Vom Bahnhof zur Tgèsa Strem – und die Abkürzung. Tagebuch

Der 'bunte Abend' ist überschattet von den Ereignissen am Nachmittag. 'Bunt' heisst: es gibt 'Produktionen', alle sind im Aufenthaltsraum / Speisesaal versammelt.

Der Aufenthaltsraum heute

Manches artet etwas aus bei unserer Produktion – kann man das so sagen? "Müller spielte den Steimen, die anderen die Schüler. A one, a two, a one, two, three, four … lueged vo Berge und Tal…. Wir gaben alles her, was unsere Stimmen zu bieten hatten. Am Schluss tönte es wahrscheinlich noch ziemlich gut. Auf einmal unterbrach uns Müller. Das war nicht vorgesehen. Er improvisierte und kündigte an, wir wollten ein paar Atemübungen machen: Tsch, tsch, tsch, tsch… No, no, no, no, no, no, no… Mi, mi, mi, mi, mi, mi, mi… dann mussten wir hächeln. Ich kann mir vorstellen, dass diese Passage Steimen am meisten 'freute'. Dann begannen wir mit dem Lied nochmals von vorne und sangen noch lauter als vorher. Um Steimen noch wütender zu machen, betonen wir alle t am Schluss der Wörter, wie er es jeweils bei uns wollte, als wir noch bei ihm Singen hatten."

Lueget fo Berge… Zettel aus dem Tagebuch

Samstag, 27. Januar

Aufräumen. Zimmermachen. Packen. Dann schickt uns die Lagerleitung nochmals auf die Piste. "Es schneite wieder und war kalt." In der Beiz singen wir nochmals 'Lueged vo Berge und Tal', als die Lehrer eintreten.

Nach dem Mittagessen: Besichtigung der Totenschädel in der Kirche.

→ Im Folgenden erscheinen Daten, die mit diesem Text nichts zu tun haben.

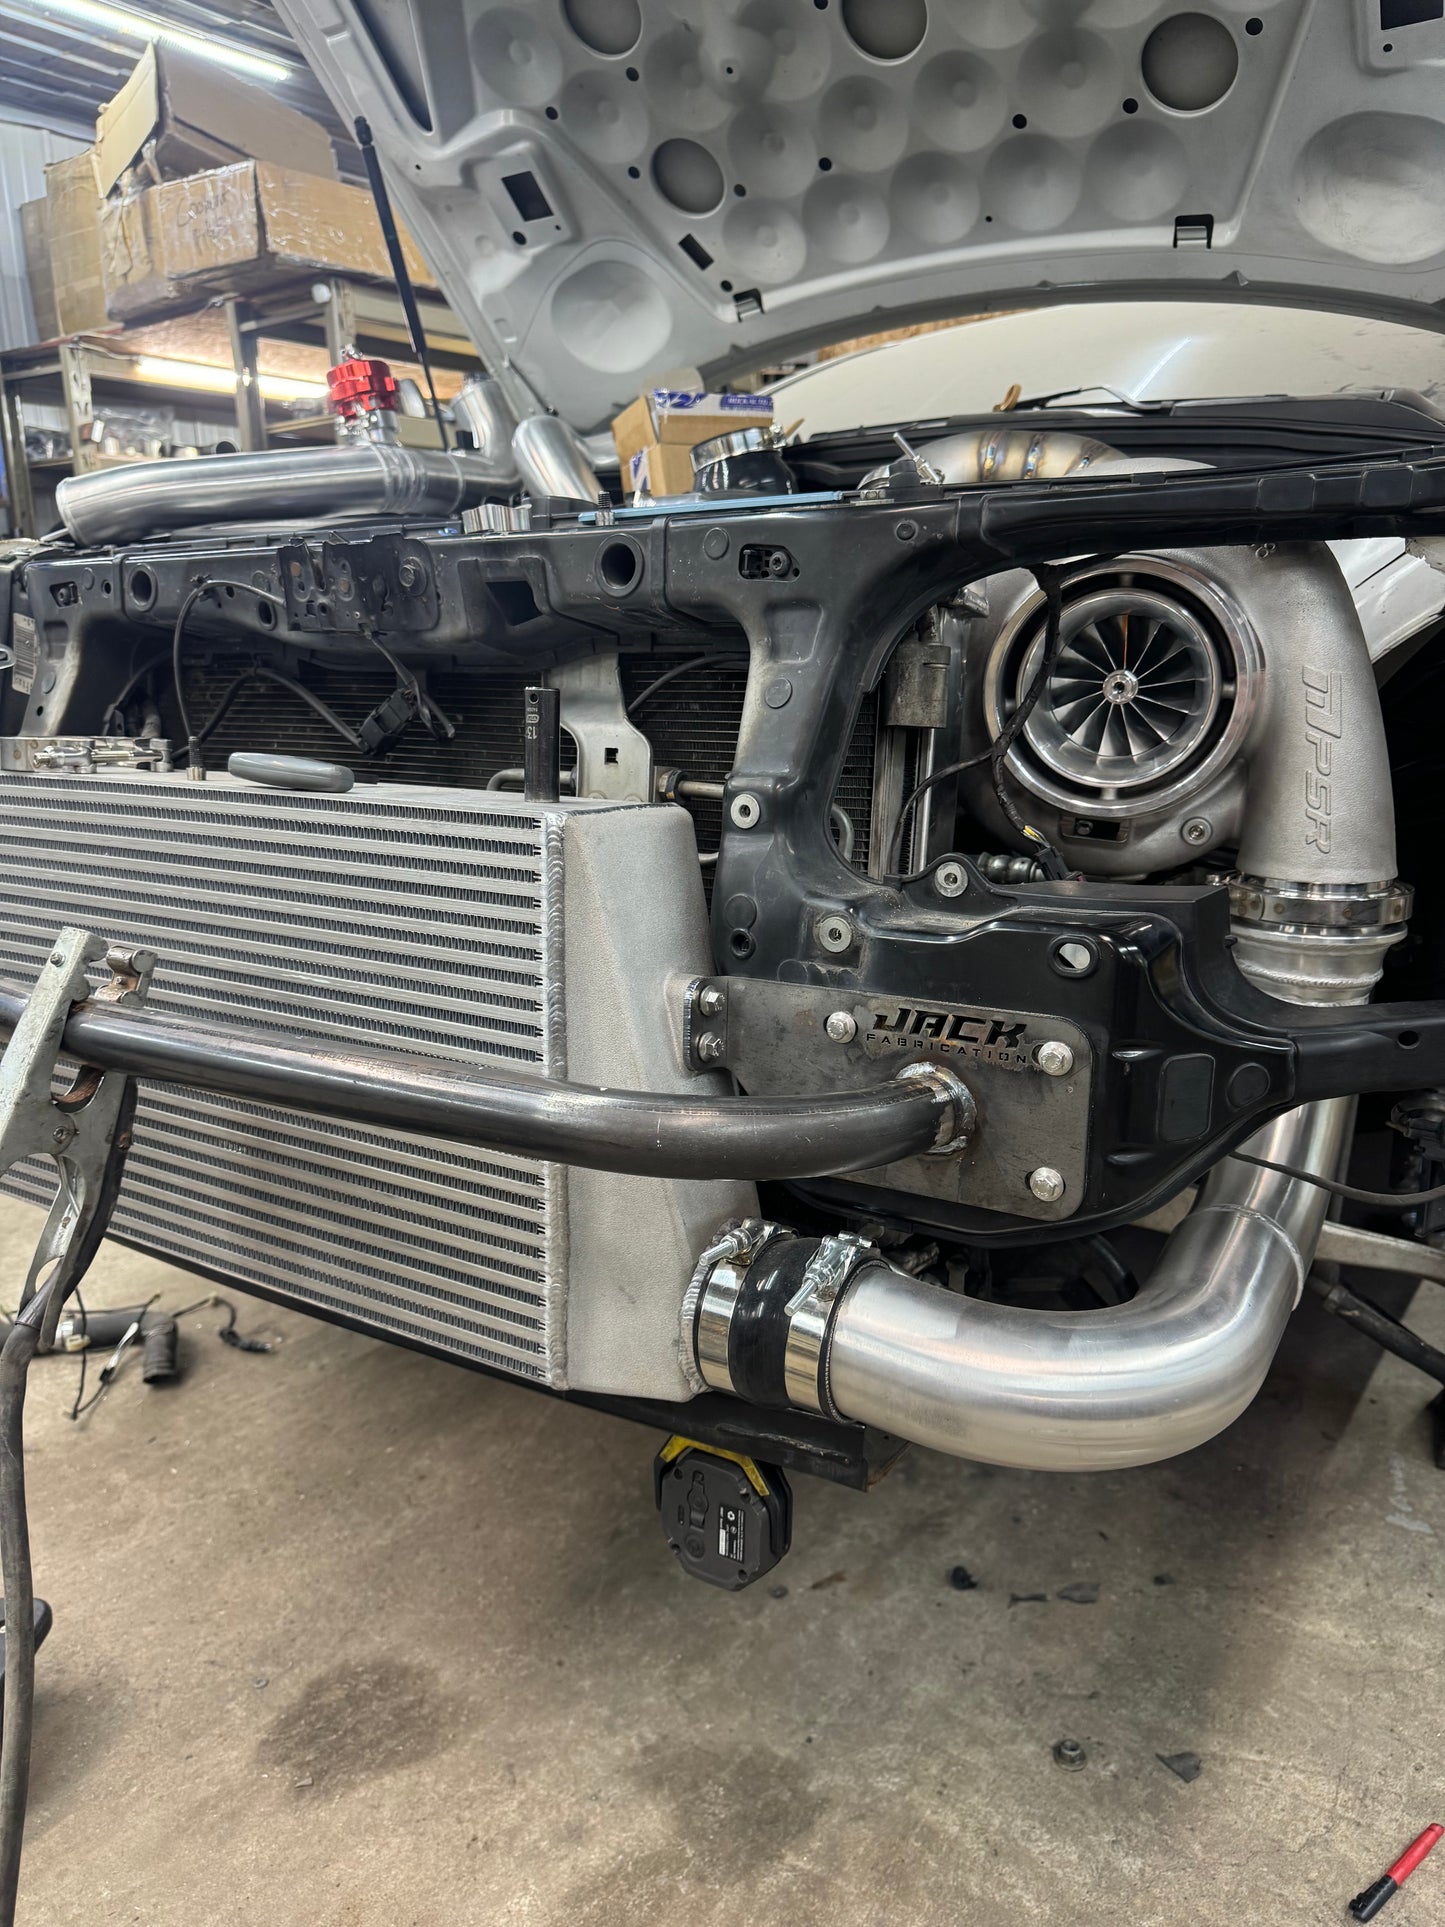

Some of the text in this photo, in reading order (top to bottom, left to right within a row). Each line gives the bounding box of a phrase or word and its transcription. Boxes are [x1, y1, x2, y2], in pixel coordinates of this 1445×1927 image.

[527, 726, 537, 739] 13
[872, 1007, 1027, 1048] JACK
[866, 1033, 1027, 1064] FABRICATION
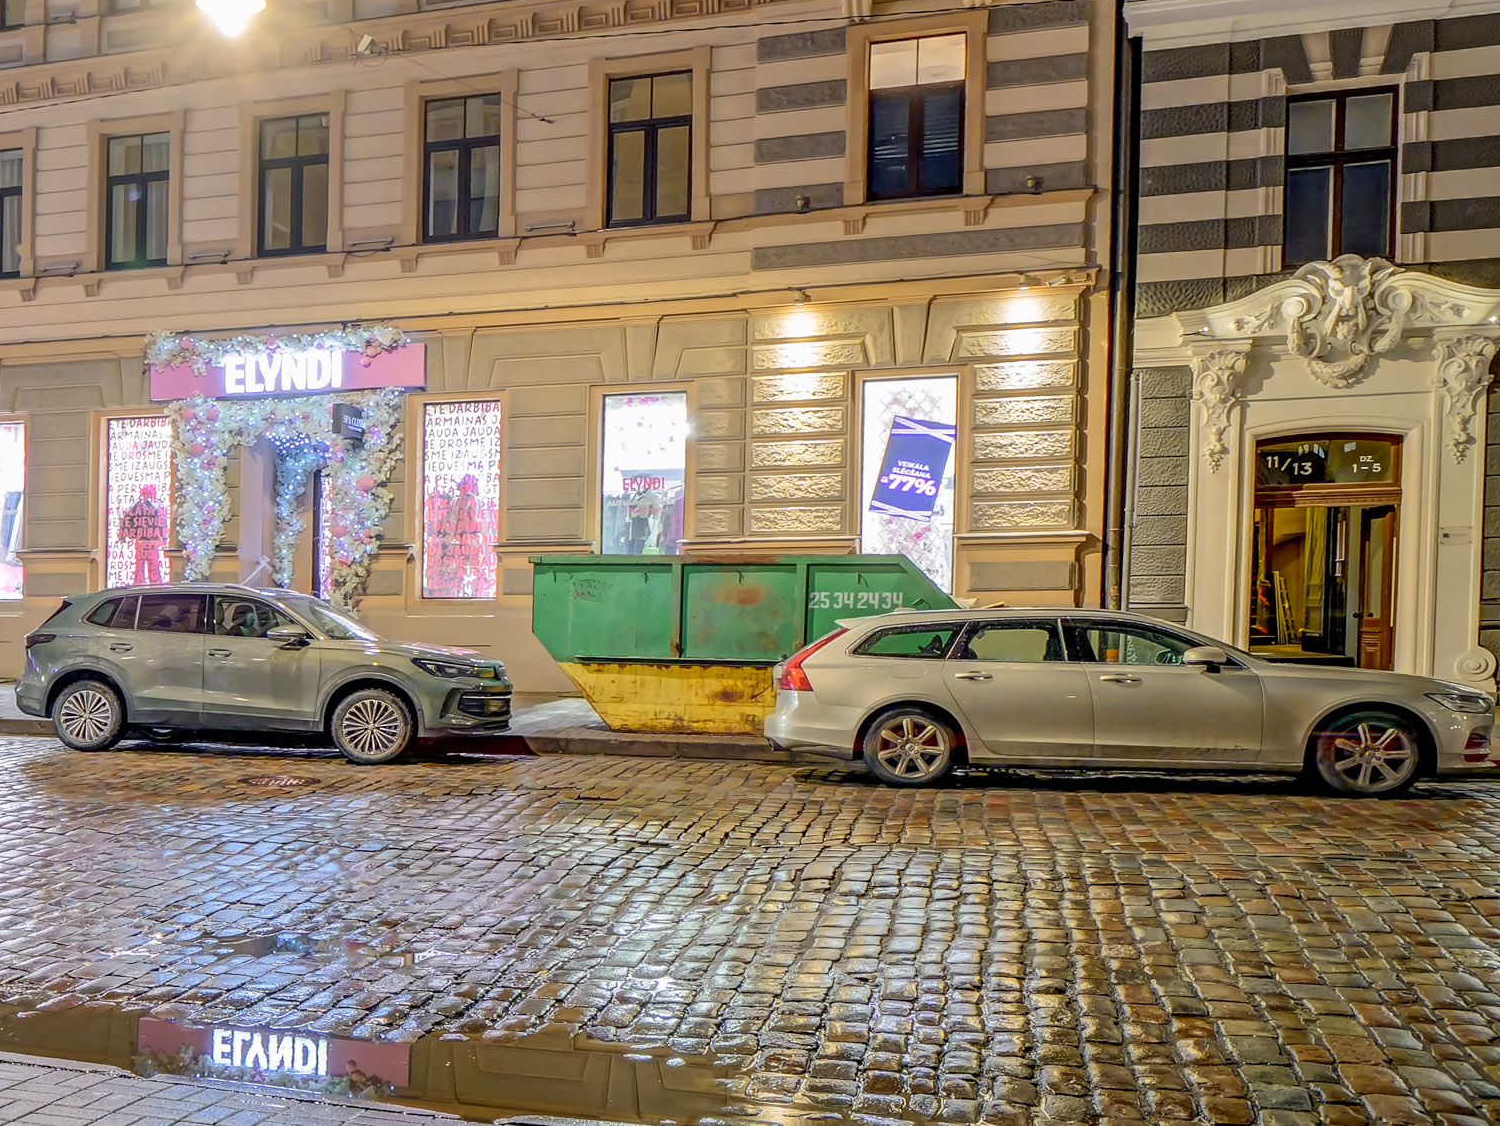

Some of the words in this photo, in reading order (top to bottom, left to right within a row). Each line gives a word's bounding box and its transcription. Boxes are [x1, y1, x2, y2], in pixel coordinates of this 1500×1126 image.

[225, 350, 343, 394] ELYNDI
[462, 427, 500, 437] JAUDA
[439, 438, 486, 449] DROSME
[122, 451, 162, 461] DROSME
[897, 459, 930, 472] VEIKALA
[1266, 455, 1313, 475] 11/13
[623, 477, 665, 491] ELYNDI
[808, 592, 830, 609] 25
[833, 592, 854, 609] 34
[857, 592, 879, 609] 24
[882, 592, 903, 609] 34

Lagerleiter Steimen lobt zum Schluss, alle hätten sich toll betragen – mit ein paar Ausnahmen, die er vergessen wolle. Es sei ein gelungenes Lager gewesen, er habe sich entschlossen, das Lager auch im kommenden Jahr wieder zu leiten.

Eine chaotische Woche.

 

PS: Die Tgèsa Strem gibt es heute noch. Und auch heute noch kann man dort Ferien mit Gruppen machen. Die Fotos hier stammen von Angeboten im Januar 2023. Vom damaligen Lager gibt es meines Wissens keine Aufnahmen.